Moreover, in a case in which all of the bits of the first dot data are 0, neither addition nor subtraction is effected for the second dot data so that all of the bits of the plurality of second dot data are 0. In a case in which the least significant bit of the first dot data is 1 and all of the other bits are 0, 1 is added to a portion of the plurality of second dot data since the most significant bit of the first dot data is 0. Therefore, portions of the plurality of second dot data are different in the case in which all of the bits of the first dot data are 0 and the case in which the least significant bit of the first dot data is 1 and all of the other bits are 0.
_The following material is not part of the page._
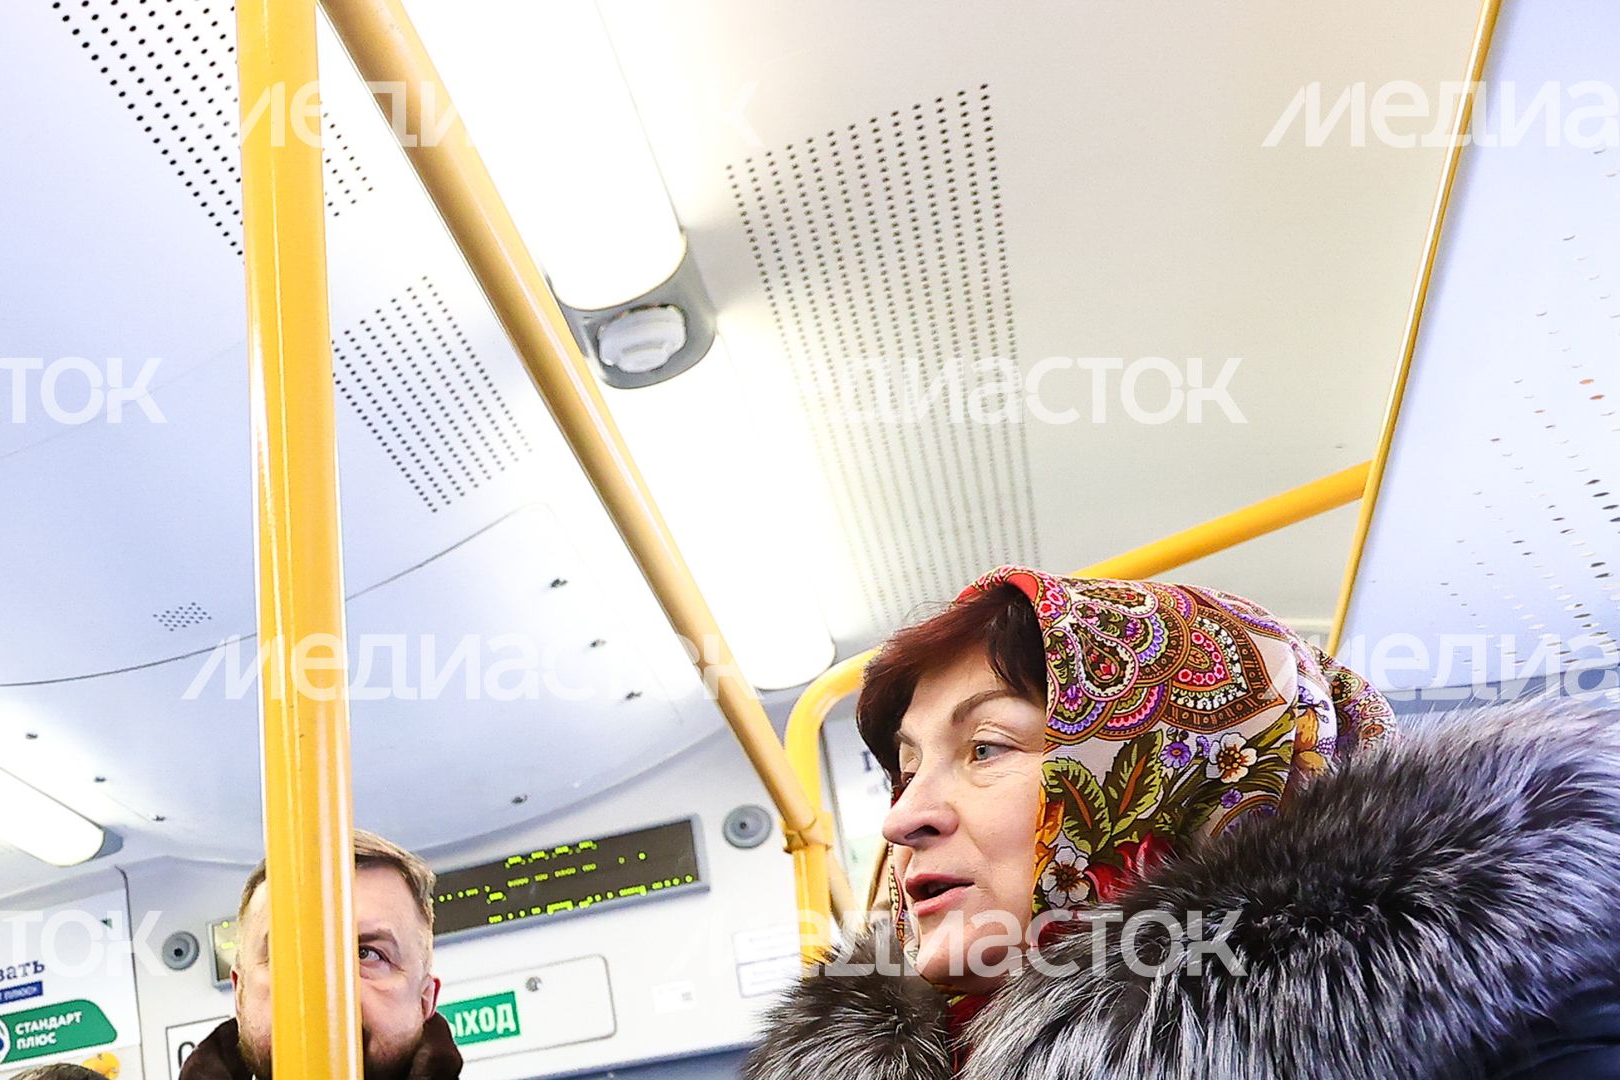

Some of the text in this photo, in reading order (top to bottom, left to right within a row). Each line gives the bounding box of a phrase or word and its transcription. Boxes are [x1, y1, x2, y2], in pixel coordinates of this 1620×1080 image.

[15, 1011, 83, 1035] СТАНДАРТ
[449, 1003, 517, 1037] ЫХОД
[17, 1033, 57, 1050] ПЛЮС
According to the present invention, the portions of the plurality of second dot data can always change in accordance with the changes in the first dot data. A plurality of frame data, which are obtained as described above, are used, and the display device is driven so that images, which are expressed by the respective frame data, are sequentially displayed on the display device. In this case, even if the display device is inexpensive and can express only a small number of gradations, the densities of the respective dots can be expressed by a number of gradations apparently similar to the number of gradations which is expressed by the image data. Accordingly, the image can be displayed so as to precisely express the image which is represented by the image data.

According to the present invention, 1 is added to the second dot data in a case in which the least significant bit of the first dot data is 1 and the most significant bit is 0, and 1 is subtracted from the second dot data in a case in which the least significant bit of the first dot data is 0 and the most significant bit is 1. In a case in which the number of the second dot data to which 1 is added and the number of the second dot data from which 1 is subtracted are constant, when the image data is within the range of (0110)2 to (1001)2, which is a borderline region in the present invention between whether addition should be effected or whether subtraction should be effected, it suffices that the plurality of second dot data does not change in accordance with the changes in the first dot data. Or, the sum of the plurality of second dot data may change in the opposite direction (for example, the sum of the second dot data decreases while the value of the first dot data increases).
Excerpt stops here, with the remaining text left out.